Given entries section start
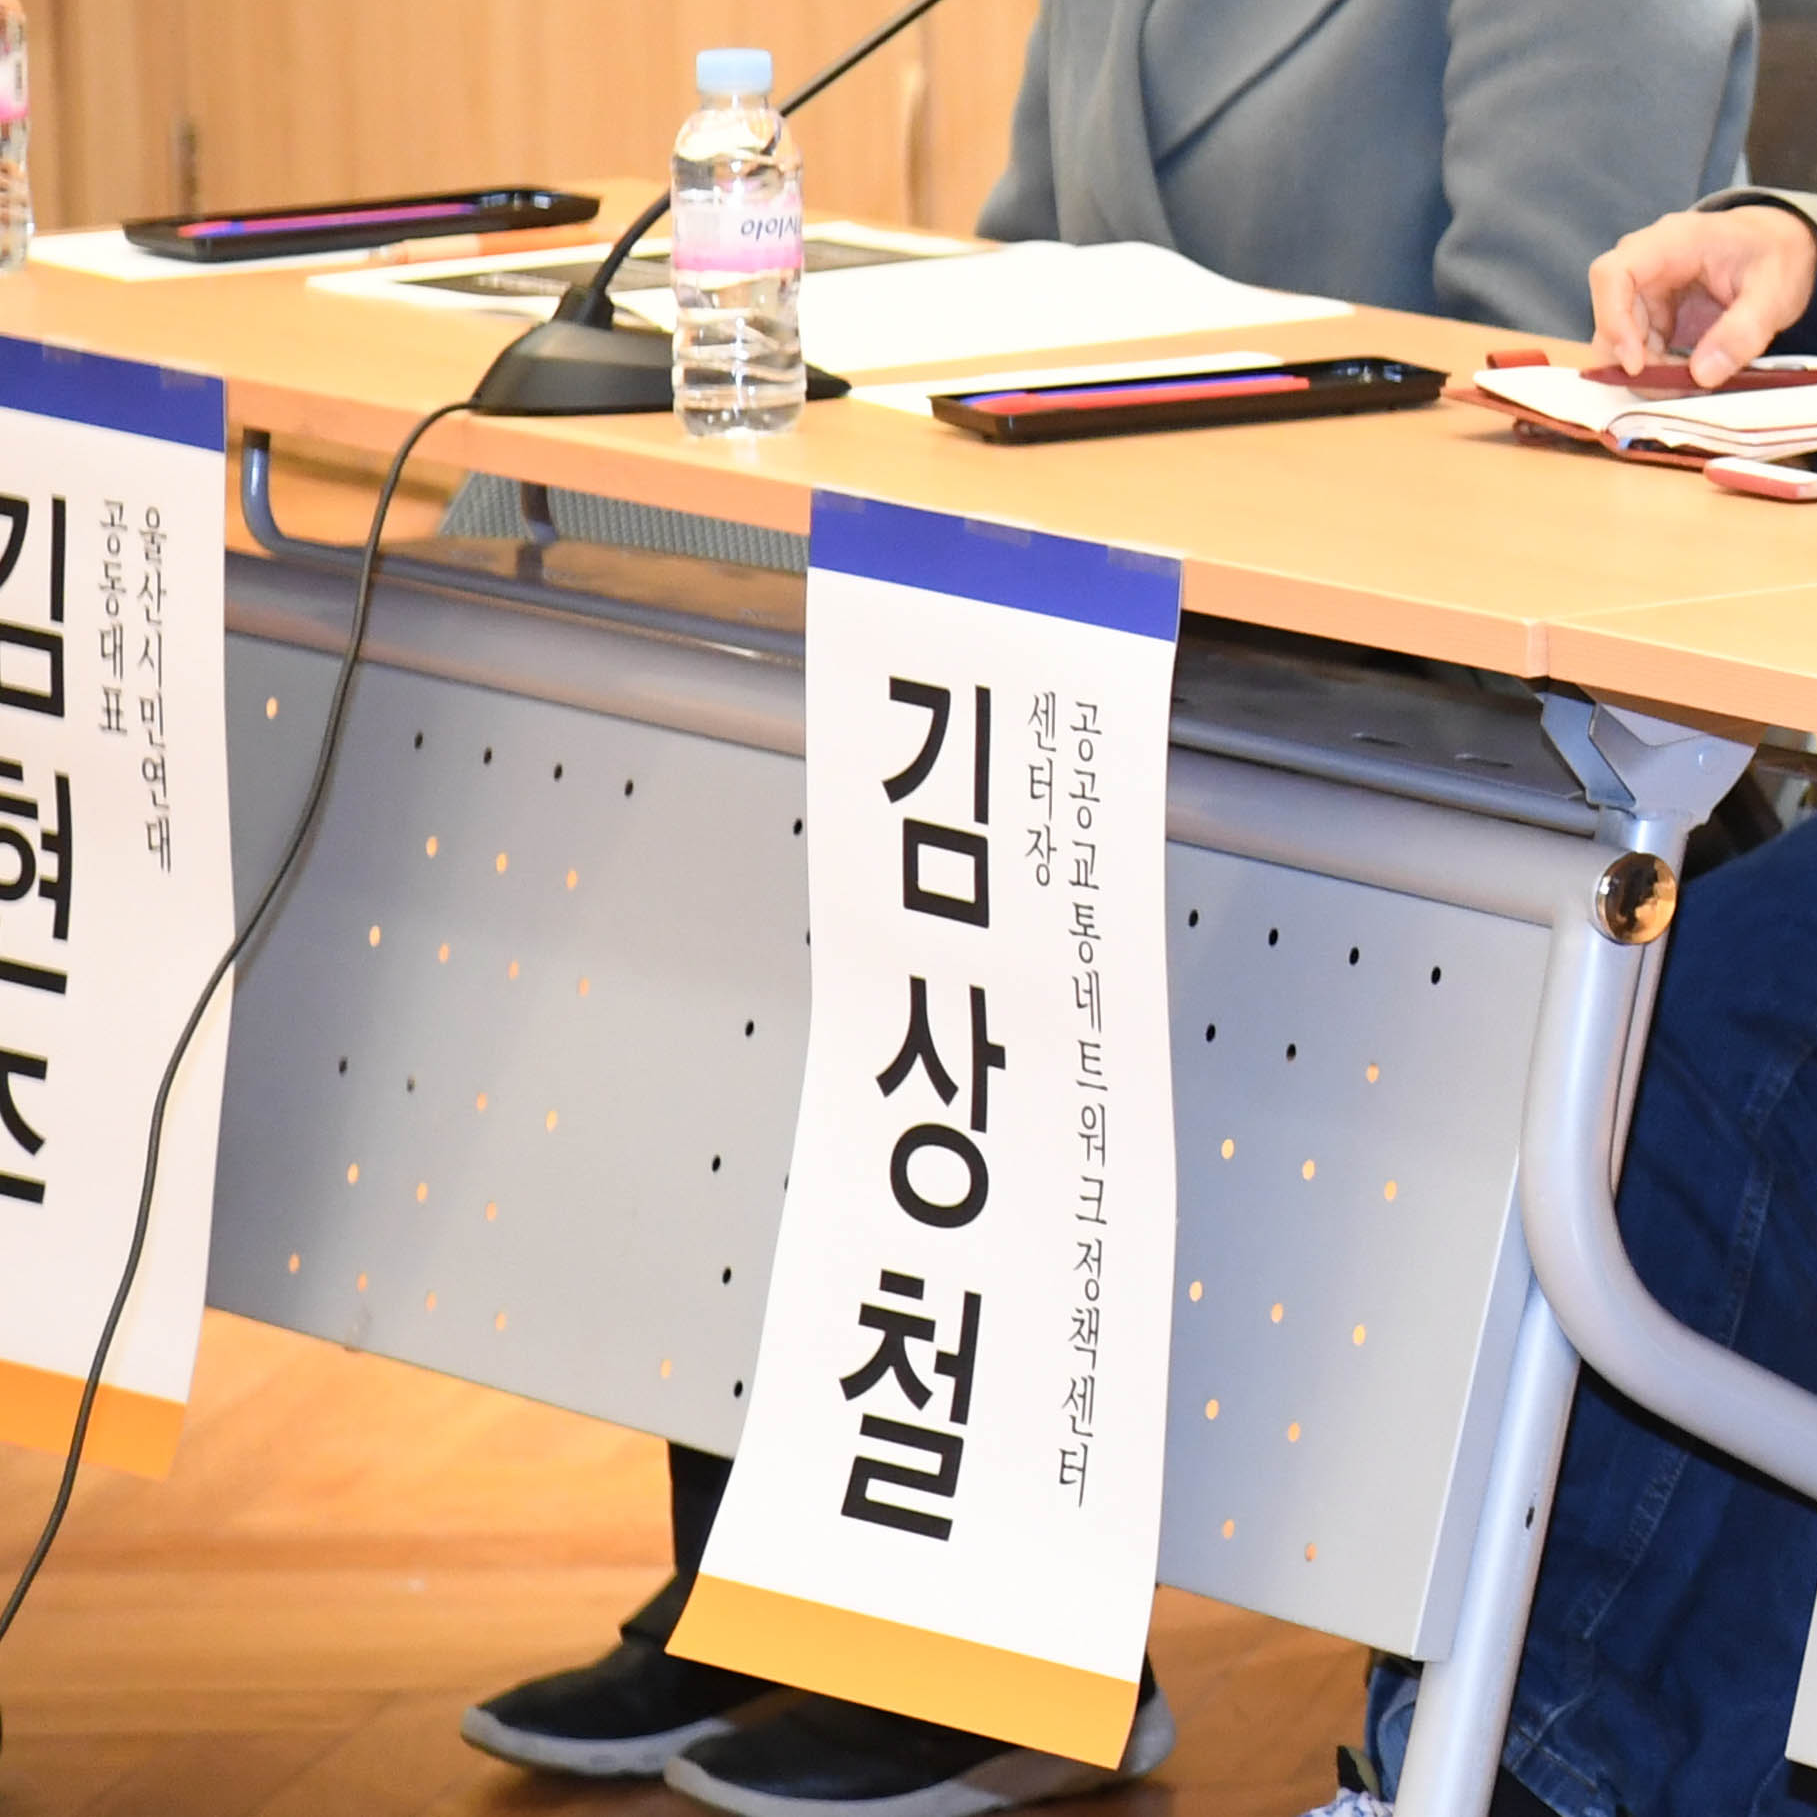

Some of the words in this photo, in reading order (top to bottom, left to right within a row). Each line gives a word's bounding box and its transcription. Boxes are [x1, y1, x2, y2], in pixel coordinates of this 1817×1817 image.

[97, 500, 130, 735] 공동대표
[135, 508, 172, 873] 울산시민연대
[1022, 690, 1058, 887] 센터장
[838, 676, 1006, 1542] 김상철
[1057, 700, 1108, 1508] 공공교통네트워크정책센터
Given entries section end
When you output the entries, keep each line exactly as it is and leave out any pictures.

# [Written response]
Some of the words in this photo, in reading order (top to bottom, left to right within a row). Each line gives a word's bounding box and its transcription. Boxes are [x1, y1, x2, y2], in pixel coordinates of this 1817×1817 image.

[97, 500, 130, 735] 공동대표
[135, 508, 172, 873] 울산시민연대
[1022, 690, 1058, 887] 센터장
[838, 676, 1006, 1542] 김상철
[1057, 700, 1108, 1508] 공공교통네트워크정책센터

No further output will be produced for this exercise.